Olympics In Doubt As Brazil Sports Minister Quits, Rio Governor Says “This Is The Worst Situation I’ve Ever Seen”

In less than five months, Brazil is expected to host the Summer Olympics.

If you follow LatAm politics, you know that that is an absolute joke. Last summer, the country descended into political turmoil and the economy sank into what might as well be a depression. Nine months later, inflation is running in the double digits, output is in freefall, and unemployment is soaring.
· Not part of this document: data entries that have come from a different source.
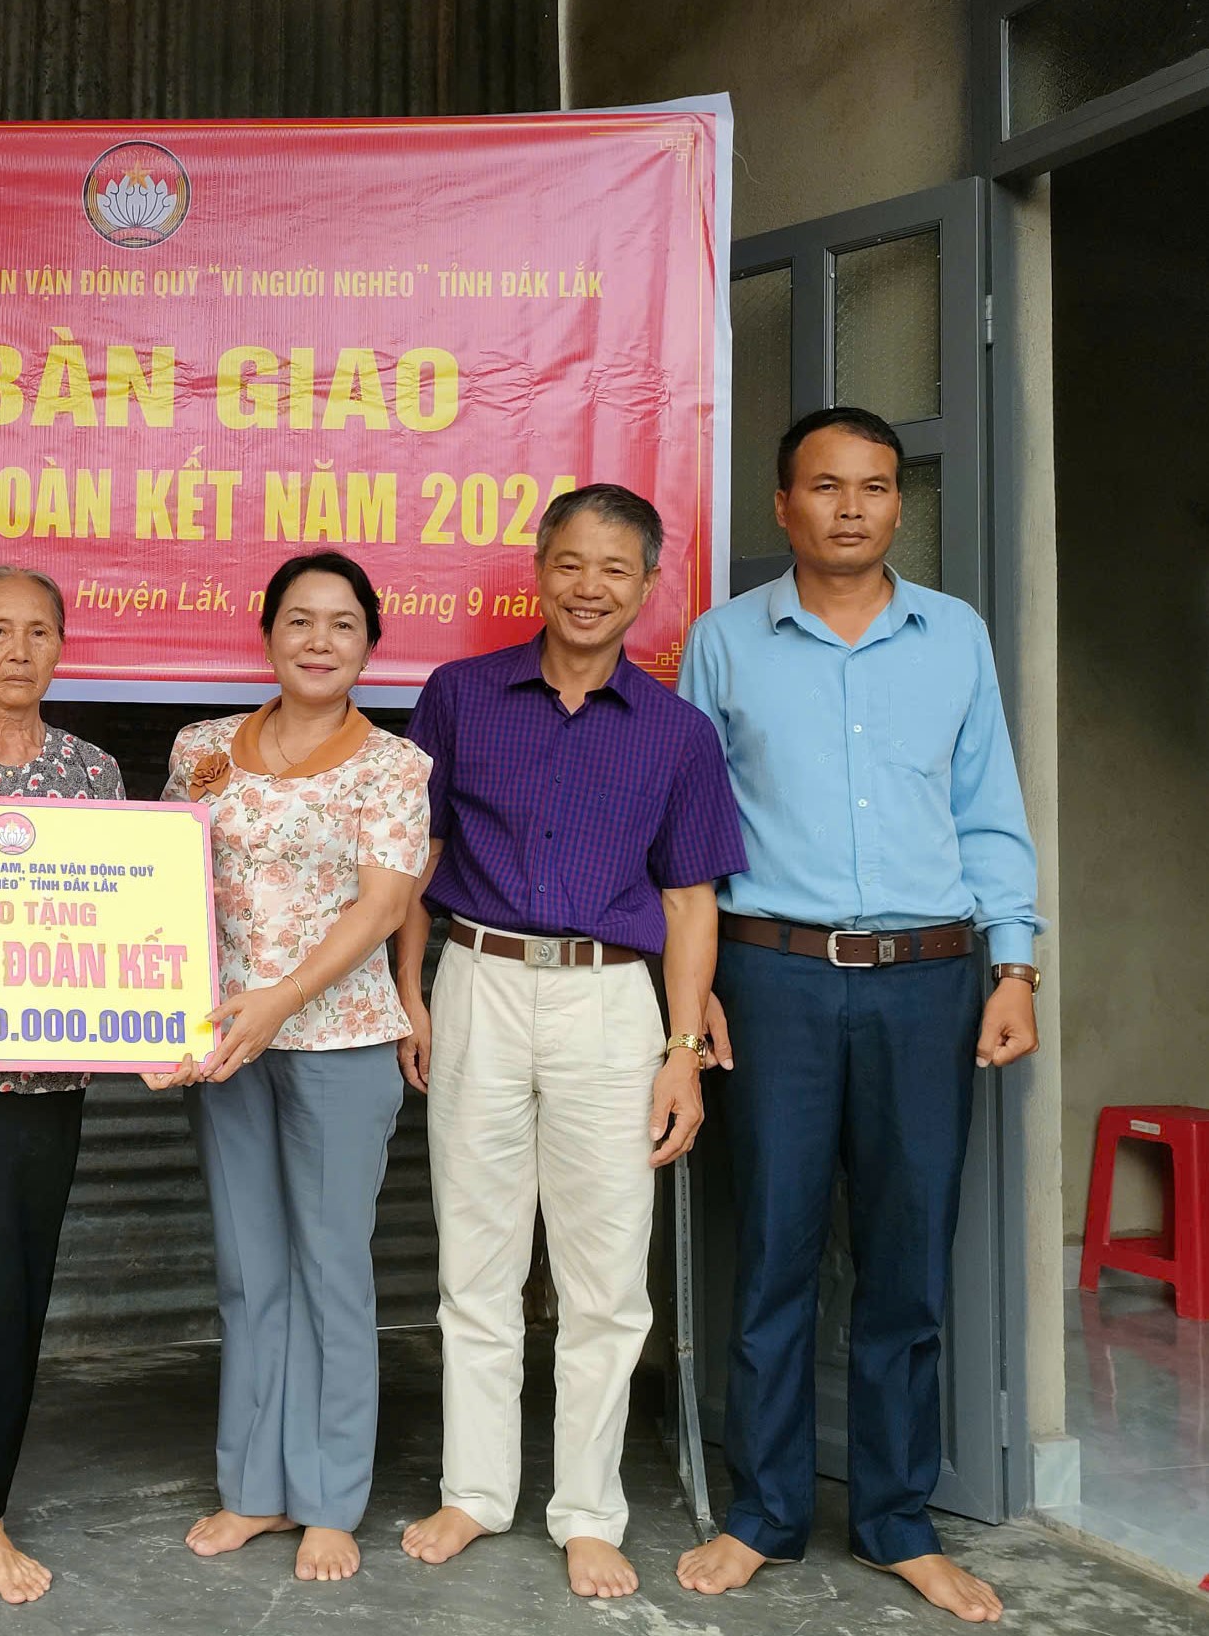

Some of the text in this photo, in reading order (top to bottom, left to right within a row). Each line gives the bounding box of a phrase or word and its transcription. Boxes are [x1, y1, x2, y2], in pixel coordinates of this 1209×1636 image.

[26, 264, 72, 300] VẬN
[81, 264, 144, 301] ĐỘNG
[154, 265, 198, 298] QUỸ
[252, 264, 324, 297] NGƯỜI
[438, 262, 492, 297] TỈNH
[499, 261, 550, 297] ĐẮK
[558, 261, 603, 298] LẮK
[216, 346, 459, 431] GIAO
[135, 445, 242, 541] KẾT
[263, 459, 397, 543] NĂM
[75, 580, 167, 617] Huyện
[177, 575, 236, 617] Lắk,
[467, 587, 483, 617] 9
[29, 863, 56, 874] BAN
[60, 863, 86, 877] VẬN
[90, 863, 126, 878] ĐỘNG
[129, 865, 154, 877] QUỸ
[30, 877, 59, 891] TỈNH
[63, 877, 89, 892] ĐẮK
[93, 878, 118, 892] LẮK
[23, 897, 96, 930] TẶNG
[2, 933, 106, 988] ĐOÀN
[117, 927, 188, 989] KẾT
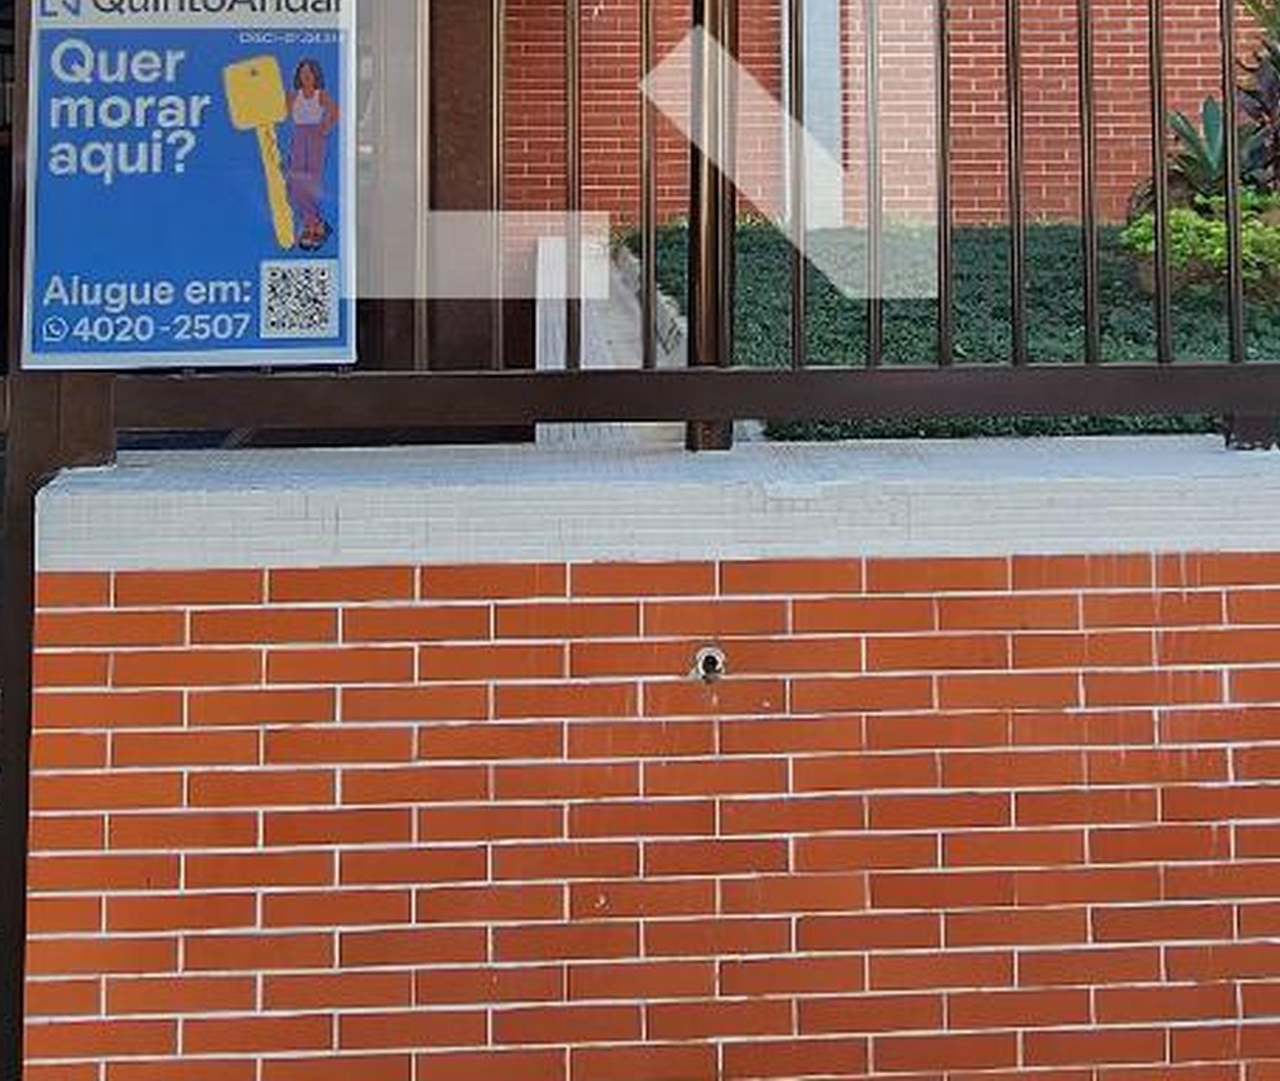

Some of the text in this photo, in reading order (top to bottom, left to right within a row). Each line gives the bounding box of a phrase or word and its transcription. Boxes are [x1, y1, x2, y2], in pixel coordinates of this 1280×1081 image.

[50, 39, 185, 83] Quer
[49, 92, 210, 129] morar
[48, 130, 197, 185] aqui?
[43, 275, 251, 311] Alugue em:
On Wednesday, the government reported its widest primary budget deficit in history and less than 24 hours later, the central bank delivered a dire outlook for growth and inflation.

Meanwhile, VP Michel Temer’s PMDB has split with Dilma Rousseff’s governing coalition, paving the way for her impeachment and casting considerable doubt on the future of the President’s cabinet.

On Thursday, we learn that sports minister George Hilton has become the latest casualty of the political upheaval that will likely drive Rousseff from office in less than two months. “Brazil’s sports minister is resigning four months before the country hosts the Olympics, amid continuing uncertainty over the fate of six other cabinet ministers,” The Guardian wrote this afternoon, before noting that earlier this month, “Hilton left his party in an apparent bid to hold onto his job.”

Hilton had been sports minister for just over a year and although we’re sure any and all Brazilian cabinet positions come with lucrative graft opportunities, we imagine Hilton won’t end up regretting his decision to distance himself from the government and from this year’s Summer Olympics.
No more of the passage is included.